Montag, 13. Jänner 2003

JoWood erklärt sich nach Kapitalerhöhung für gerettet

  • Drei Millionen Euro bei Investoren platziert
  • Hausbanken stimmten Finanzierungskonzept zu

Österreichs größter Computerspiele-Hersteller, JoWooD Productions Software AG, konnte im Zuge seiner Kapitalerhöhung mehr als 3 Mio. Euro bei Investoren platzieren und sieht seine Zukunft nunmehr gesichert. Die für die Restrukturierung benötigten 2,5 Mio.
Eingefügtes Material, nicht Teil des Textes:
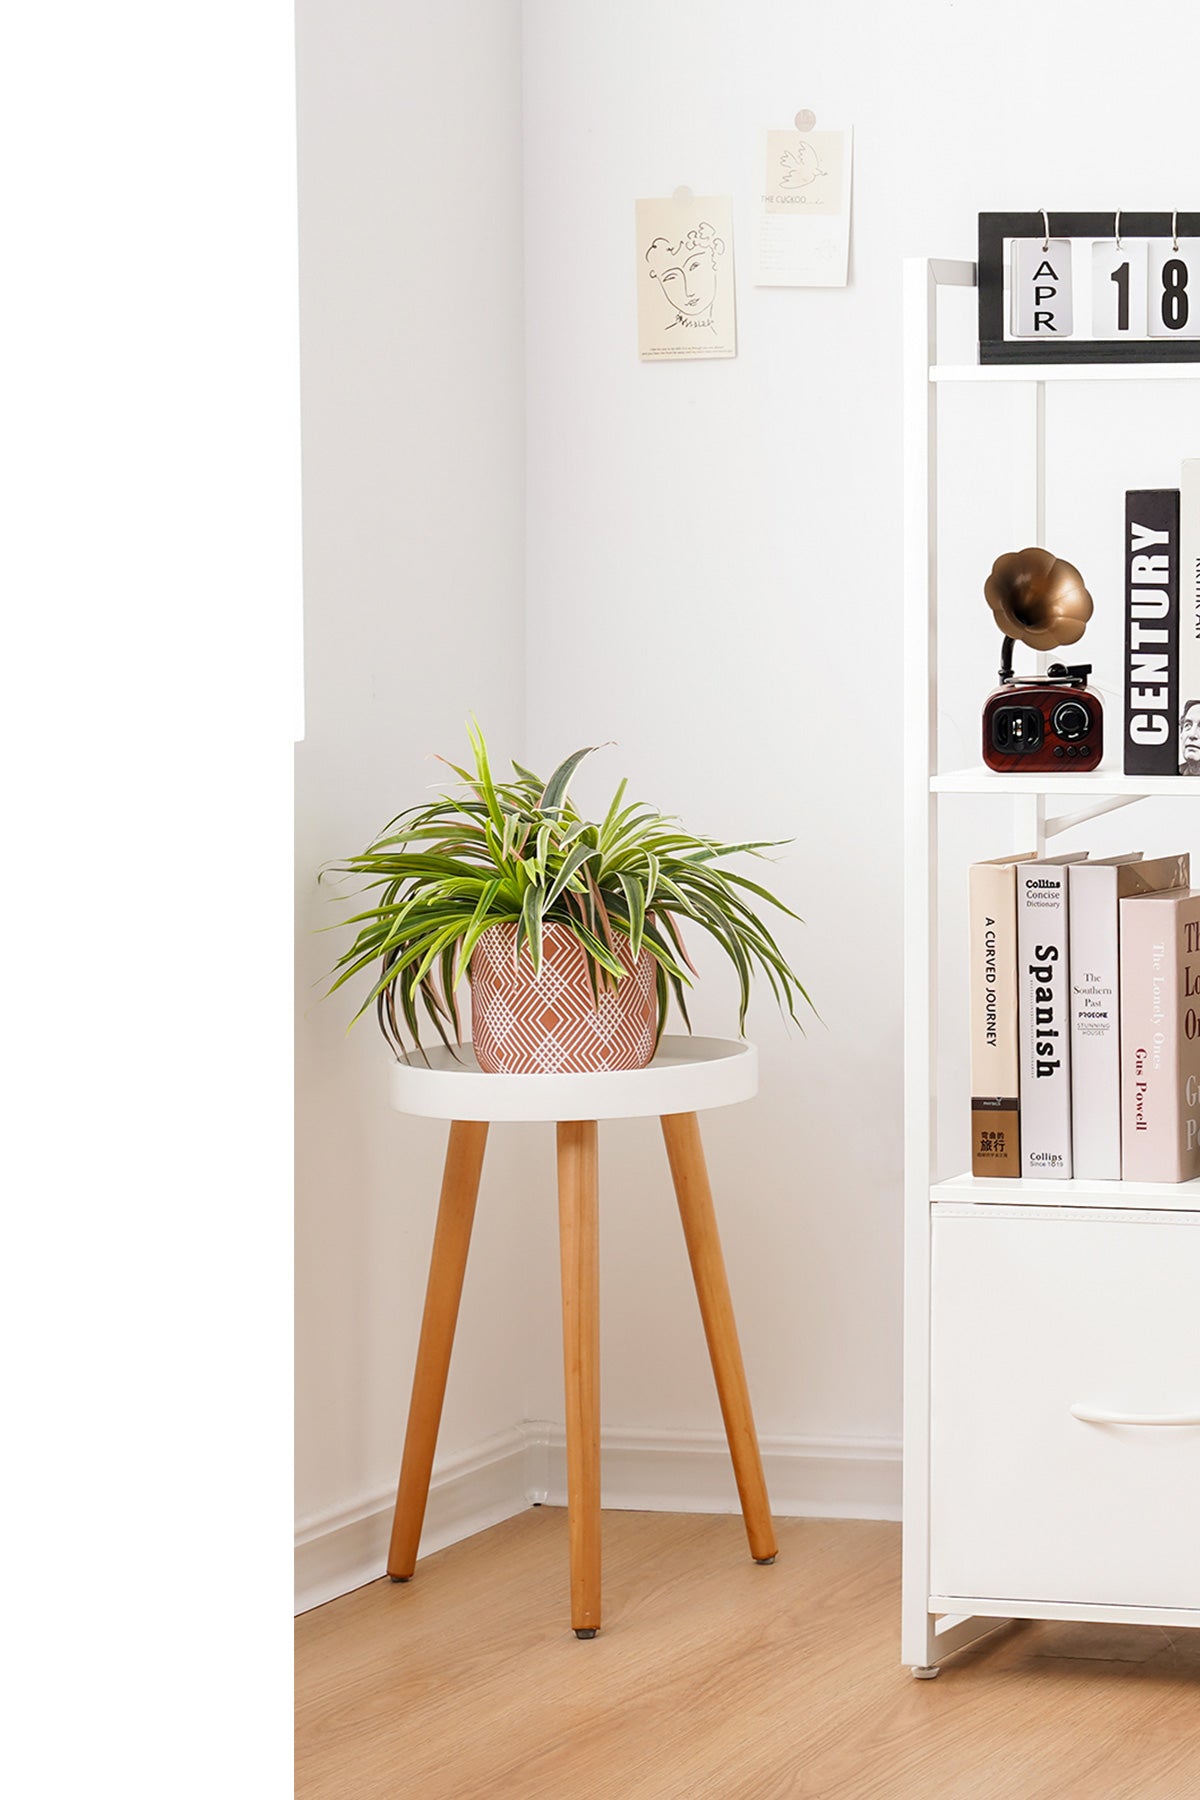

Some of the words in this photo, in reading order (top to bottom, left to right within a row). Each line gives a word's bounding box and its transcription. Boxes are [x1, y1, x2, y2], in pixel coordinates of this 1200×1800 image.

[761, 195, 774, 204] THE
[1032, 261, 1060, 332] APR
[1129, 522, 1170, 746] CENTURY
[1026, 879, 1061, 888] Collins
[1026, 890, 1060, 899] Concise
[1026, 900, 1060, 909] Dictionary
[985, 917, 995, 926] A
[985, 930, 996, 983] CURVED
[1153, 942, 1165, 971] The
[1083, 973, 1102, 982] The
[1073, 985, 1112, 995] Southern
[1084, 998, 1102, 1007] Past
[1150, 976, 1165, 1026] Lonely
[985, 987, 996, 1047] JOURNEY
[1029, 945, 1060, 1079] Spanish
[1153, 1032, 1165, 1071] Ones
[1135, 1048, 1147, 1076] Gus
[1135, 1082, 1147, 1131] Powell
[979, 1139, 1005, 1152] 旅行
[1030, 1152, 1063, 1161] Collins
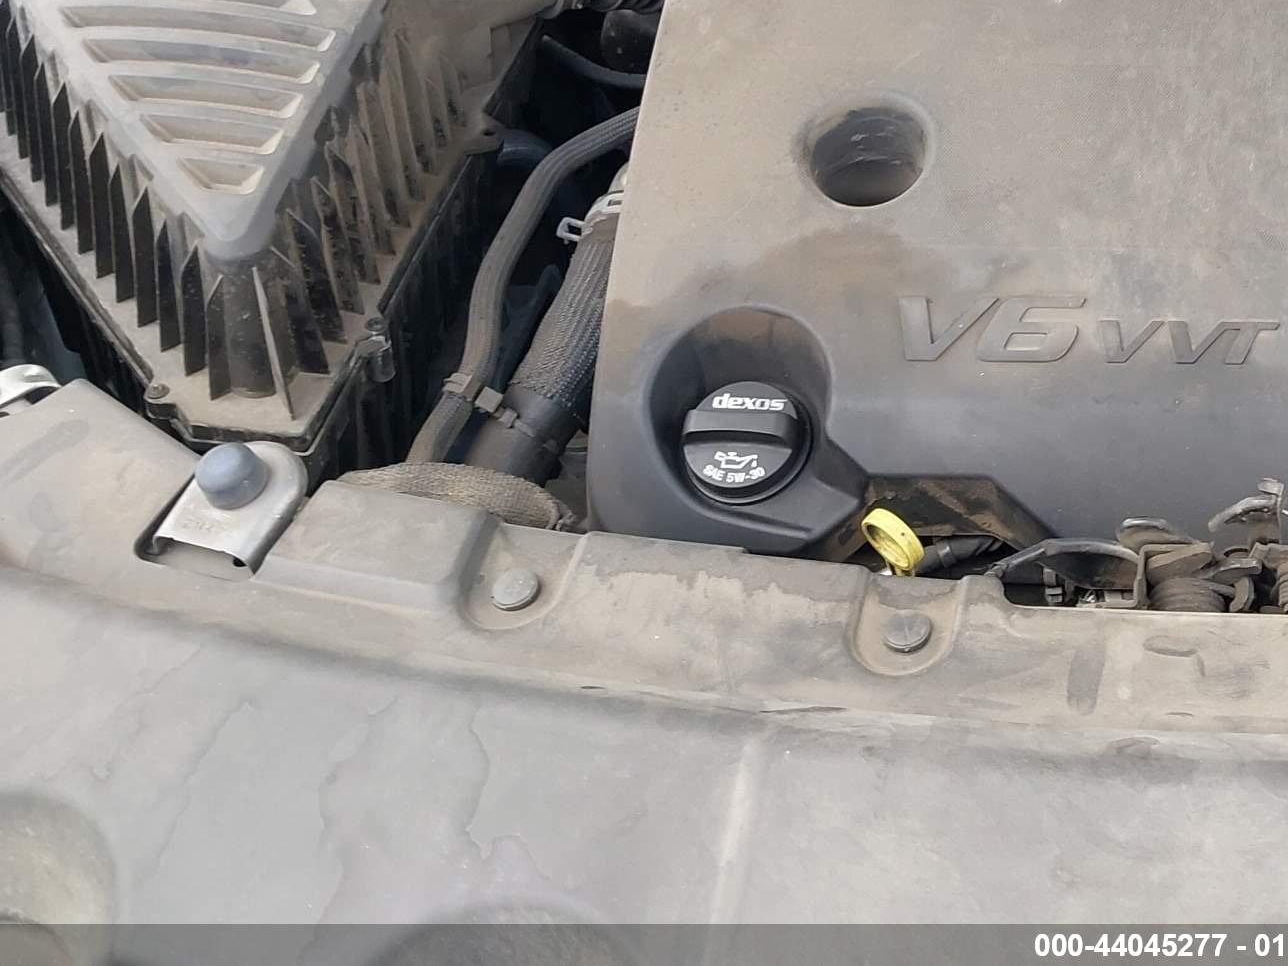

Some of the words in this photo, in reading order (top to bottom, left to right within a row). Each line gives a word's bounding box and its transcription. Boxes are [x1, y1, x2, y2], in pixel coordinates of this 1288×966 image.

[897, 297, 1086, 362] V6
[1098, 319, 1281, 365] VVT
[712, 393, 789, 410] dexos
[703, 464, 725, 481] SAE
[725, 466, 766, 483] 5W-30
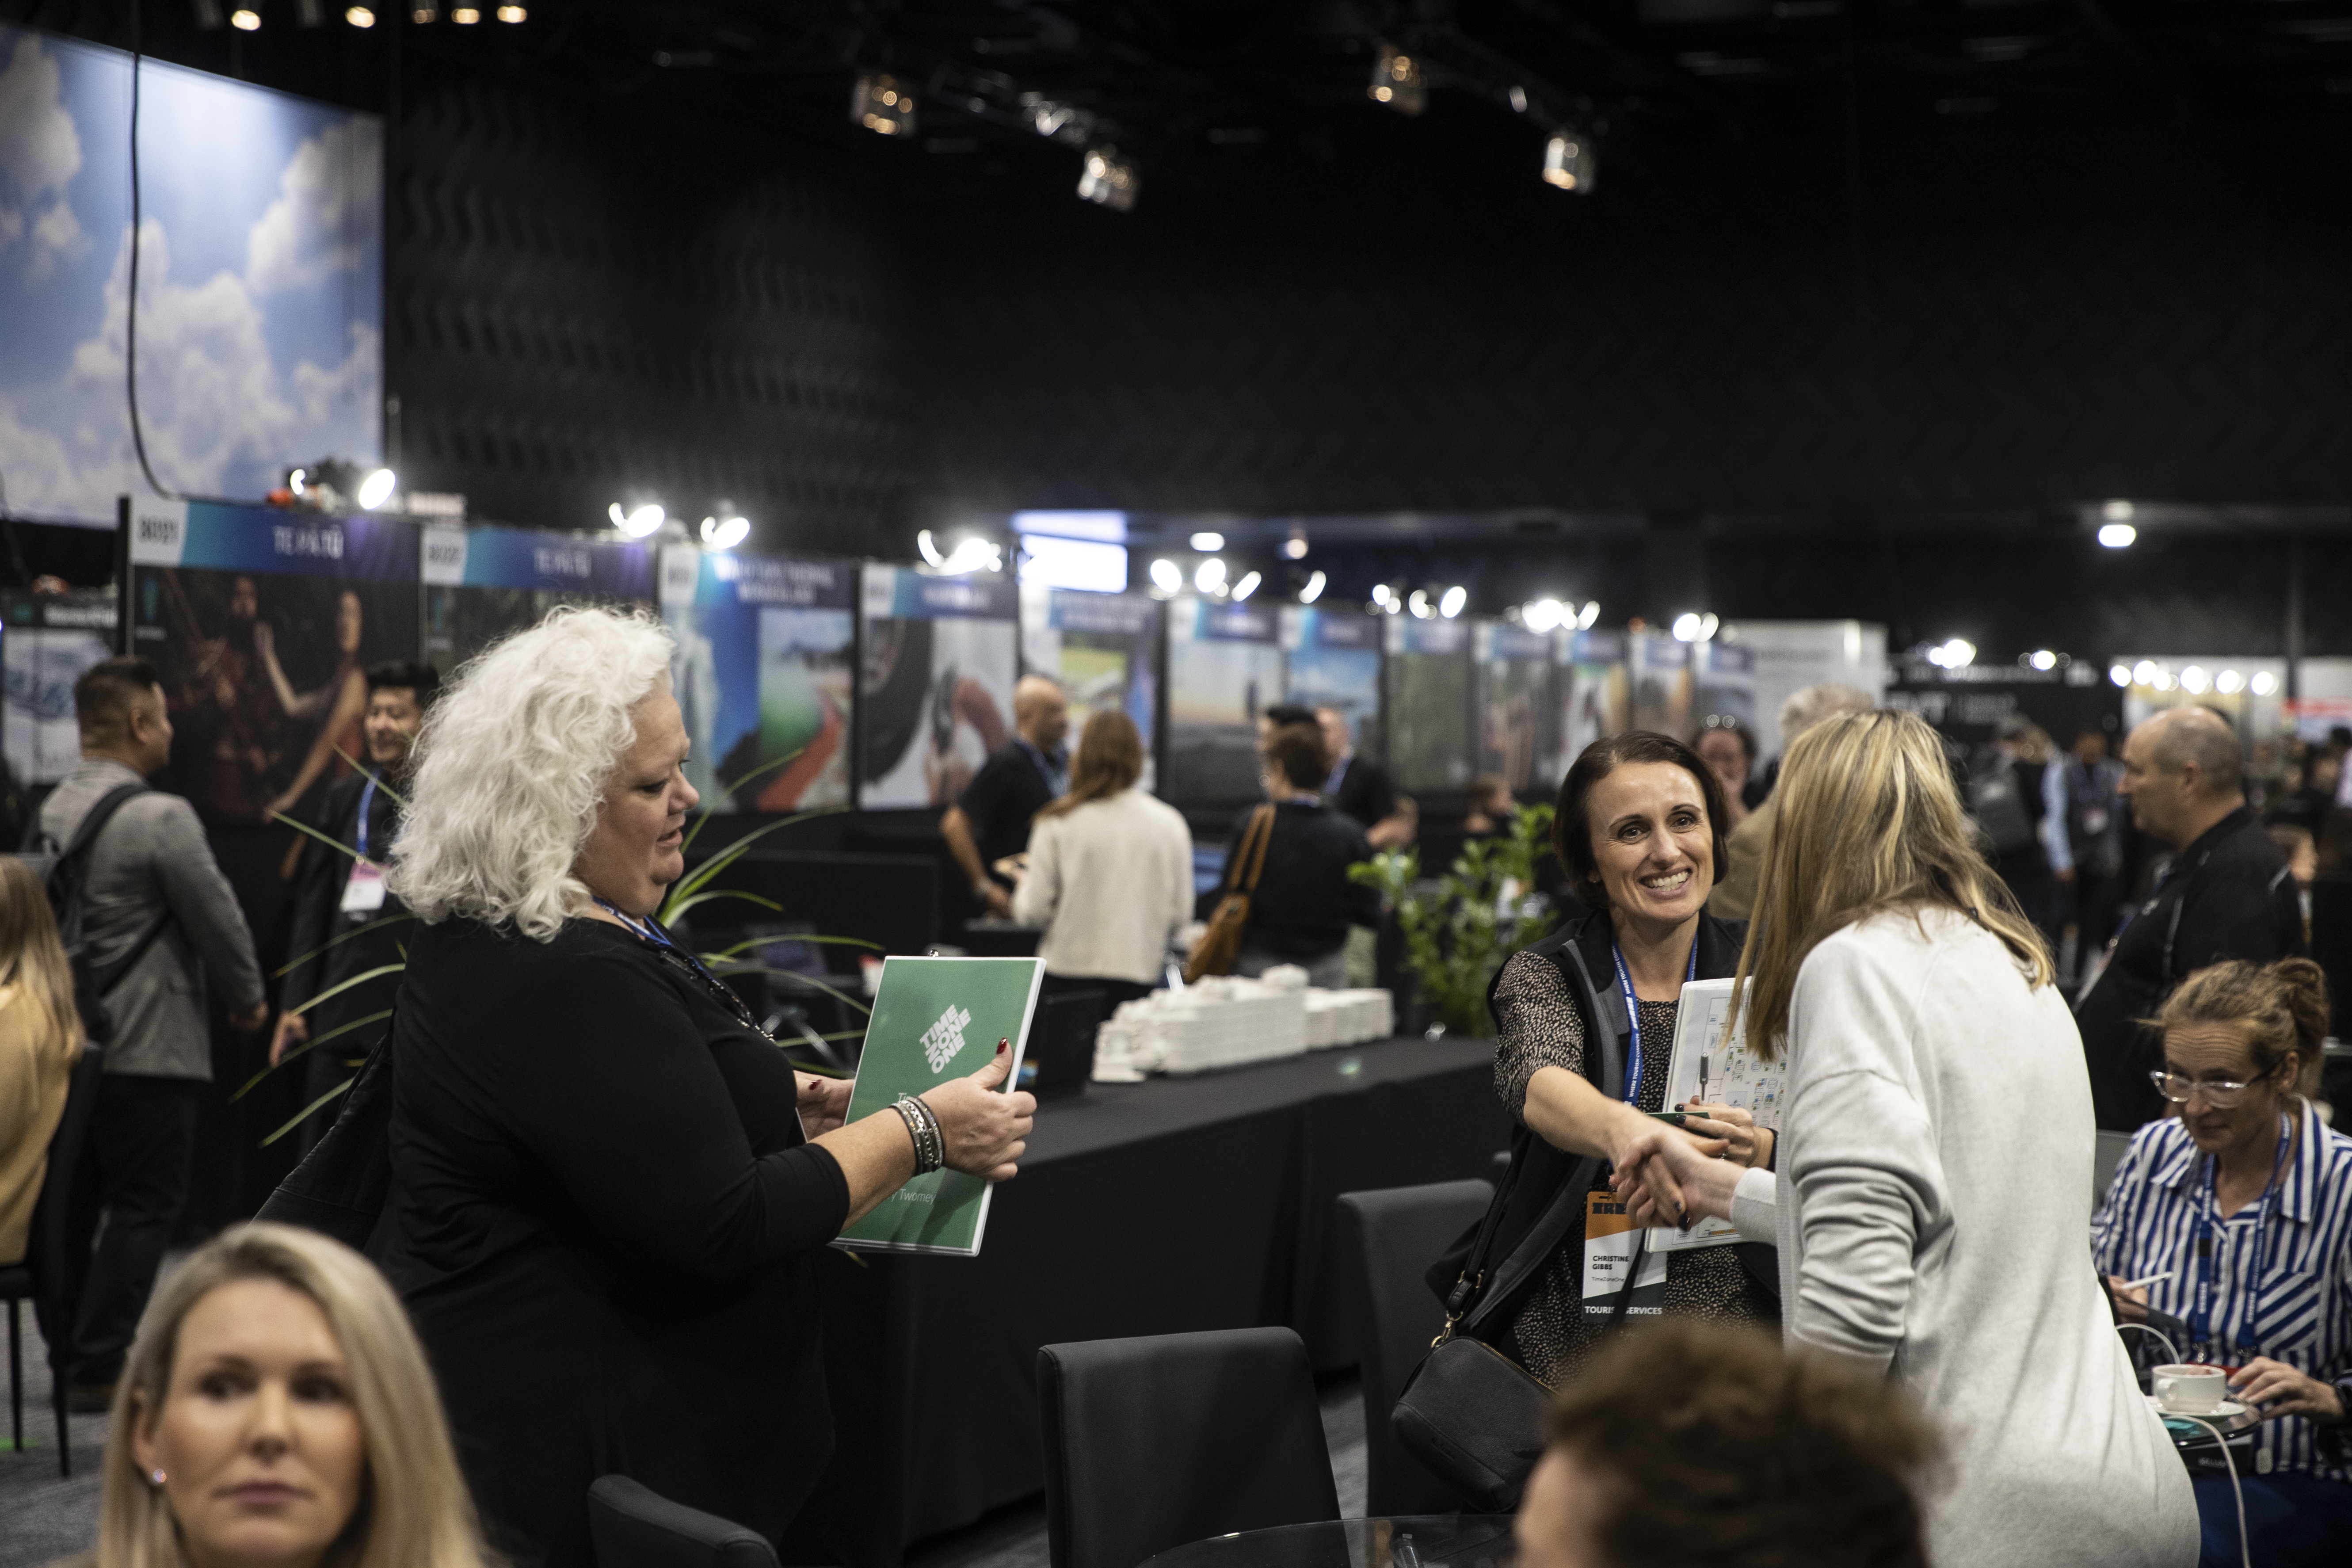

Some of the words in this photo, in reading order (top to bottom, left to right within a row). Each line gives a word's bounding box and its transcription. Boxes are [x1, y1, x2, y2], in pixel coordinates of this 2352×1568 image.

[1616, 961, 1627, 980] TOURISM
[1623, 980, 1632, 994] WHERE
[919, 1004, 959, 1049] TIME
[925, 1008, 972, 1064] ZONE
[931, 1032, 966, 1074] ONE
[1629, 1080, 1637, 1097] WHERE
[899, 1188, 937, 1206] Twomey
[1585, 1305, 1615, 1314] TOURIS
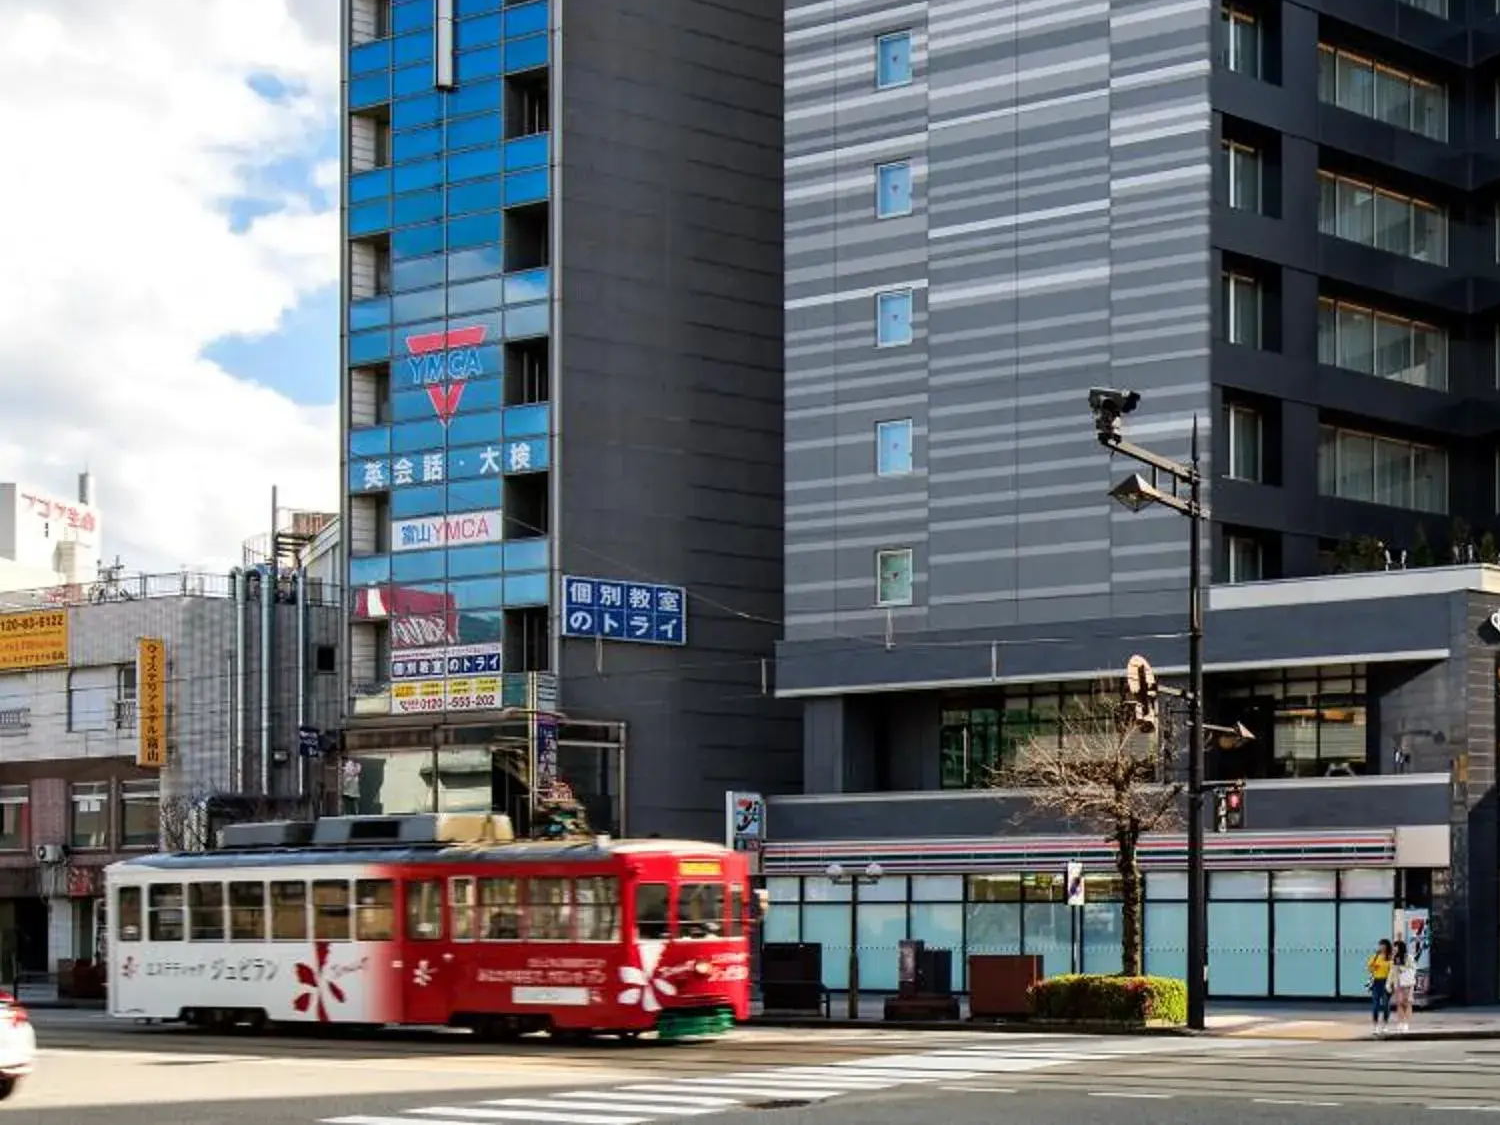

Euro seien überschritten worden, und gleichzeitig hätten auch die Hausbanken dem umfassenden Finanzierungskonzept zugestimmt und würden die Zusammenarbeit mit JoWooD fortsetzen, teilte das an der Wiener Börse notierte Unternehmen mit.

Die Details zur Kapitalerhöhung, Restrukturierungsplan und operativer Entwicklung will Aufsichtsratschef Christian Wolff gemeinsam mit dem neuen Finanzvorstand und Investor-Relations-Zuständigen Michael Pistauer und sowie Vorstand Andreas Tobler und Entwicklungsvorstand Thomas Kirchenkamp am Dienstag in einem Pressegespräch in Wien präsentieren. Pistauer war bisher Geschäftsführer von Deloitte&Touche Corporate Finance und hat gemeinsam mit Vorstand und Aufsichtsrat der Gesellschaft das Restrukturierungskonzept der JoWooD erarbeitet.

"Gothic II" erfolgreichstes JoWood-Spiel
Parallel zu den laufenden Gesprächen habe sich "Gothic II" zum bisher erfolgreichsten Spiel der JoWooD-Geschichte entwickelte. Bereits im hart umkämpften Weihnachtsgeschäft erreichte Gothic II Platz 1 der deutschen Media-Control Charts - noch vor Herr der Ringe und Harry Potter. Damit ergebe sich im 4. Quartal 2002 eine eindeutig positive Tendenz, erklärte JoWooD am Sonntagabend in einer Ad-hoc-Aussendung.

Wie berichtet plante JoWood, im Rahmen der bis Freitag Abend laufenden Zeichnungsfrist, bis zu 5 Mio. neue Aktien zu einem Ausgabepreis von jeweils mindestens 1,00 Euro bei Investoren zu platzieren. Die Aufstockung des Grundkapitals um bis zu 5 Mio. Euro auf bis zu 12,64 Mio. Euro war kurz vor Weihnachten in einer außerordentlichen Hauptversammlung von den Aktionären beschlossen worden.

Jahr 2002 mit Megaverlust
JoWooD hatte in den ersten drei Quartalen 2002 wie berichtet einen operativen Megaverlust von 42,9 Mio. Euro angehäuft. Sanieren will sich das Unternehmen nach bisherigen Angaben durch eine "massive Fokussierung auf das Entwicklungsgeschäft mit einer Zusammenlegung mehrerer Standorte". Das Motto lautet: Konzentration auf Computerspiele im oberen Preissegment. Angekündigt wurde auch der Abbau von rund der Hälfte der bisher rund 280 Mitarbeiter.